The CAA prohibits debtors and trustees from avoiding certain “covered payments” on rental or supplier arrearages during the preference period (typically, the 90 days prior to the debtor filing its bankruptcy petition). “Covered payments” are payments made pursuant to arrangements entered into by debtors and their landlords or their suppliers on or after March 13, 2020, to defer or postpone payments owed to such creditors as long as the payments under the arrangement amount to no more than what the debtor would have owed the landlord or supplier absent the arrangement. This amendment effectively broadens the defenses available to landlords and suppliers in preference actions that may be brought under section 547 of the Bankruptcy Code.

While the typical preference defenses remain available to all creditors (i.e., contemporaneous exchange for new value, ordinary course of business, and subsequent new value), the CAA now also protects these non-ordinary course, covered payments that are made to landlords or suppliers pursuant to the aforementioned arrangements with the debtor. However, the subject arrangements may require the debtor to pay penalties or other, similar fees, which may render the provision inapplicable. This amendment will sunset on Dec. 27, 2022, although the provision will continue to apply to all SBRA cases filed prior to that date.
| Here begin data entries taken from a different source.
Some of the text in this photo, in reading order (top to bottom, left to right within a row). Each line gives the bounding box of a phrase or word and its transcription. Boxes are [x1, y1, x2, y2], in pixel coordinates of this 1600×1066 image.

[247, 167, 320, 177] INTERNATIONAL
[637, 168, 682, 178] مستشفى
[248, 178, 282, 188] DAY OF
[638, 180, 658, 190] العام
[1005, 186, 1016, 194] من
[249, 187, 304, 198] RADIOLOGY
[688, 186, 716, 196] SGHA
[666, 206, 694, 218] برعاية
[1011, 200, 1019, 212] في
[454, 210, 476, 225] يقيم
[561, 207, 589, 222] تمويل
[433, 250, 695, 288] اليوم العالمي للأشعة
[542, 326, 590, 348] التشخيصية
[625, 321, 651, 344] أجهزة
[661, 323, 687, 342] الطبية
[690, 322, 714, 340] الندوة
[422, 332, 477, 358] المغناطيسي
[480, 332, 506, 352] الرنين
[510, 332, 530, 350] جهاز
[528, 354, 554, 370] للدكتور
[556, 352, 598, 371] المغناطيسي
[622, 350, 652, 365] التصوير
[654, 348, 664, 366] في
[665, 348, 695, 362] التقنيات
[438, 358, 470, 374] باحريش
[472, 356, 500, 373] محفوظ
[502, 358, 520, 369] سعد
Finally, despite the CAA’s significant changes to bankruptcy proceedings — with a particular emphasis on those cases filed under the SBRA and resolving issues created by the CARES Act — the CAA did not address the increased debt threshold under the CARES Act for seeking protection under the SBRA. Specifically, the CAA did not alter the March 27, 2021, sunset date for the increased threshold. As a result, the time frame for many businesses to take advantage of the legislative changes pursuant to both the CARES Act and the CAA is coming to a close. Entities that may be considering bankruptcy and carry debt up to but not exceeding $7,500,000 now have less than a month to decide whether reorganization under the SBRA, with all of its recently enacted benefits, is the appropriate path forward.

Congress, however, recently acknowledged the significant impact the CARES Act has on the CAA changes to the Bankruptcy Code and bankruptcy cases in general. On Feb. 25, 2021, Senate Democratic Whip Dick Durbin (D-Ill.) and Sen. Chuck Grassley (R-Iowa) introduced bipartisan legislation referred to as the COVID-19 Bankruptcy Relief Extension Act. The bill, if passed, will extend for another full year the CARES Act bankruptcy provisions that are set to expire March 27, 2021. As a result, if enacted, the increased debt threshold for SBRA cases provided in the CARES Act will not sunset until March 27, 2022. Sen. Grassley explained: “Last year, we passed temporary bankruptcy relief provisions to help those facing bankruptcy during the pandemic. This included increasing limits in my 2019 bill to streamline bankruptcy laws for small businesses. This bill extends that relief for an additional year.” Sen. Durbin noted that the relief provided by the bill is critical for those “facing hardships due to the ongoing COVID-19 pandemic.”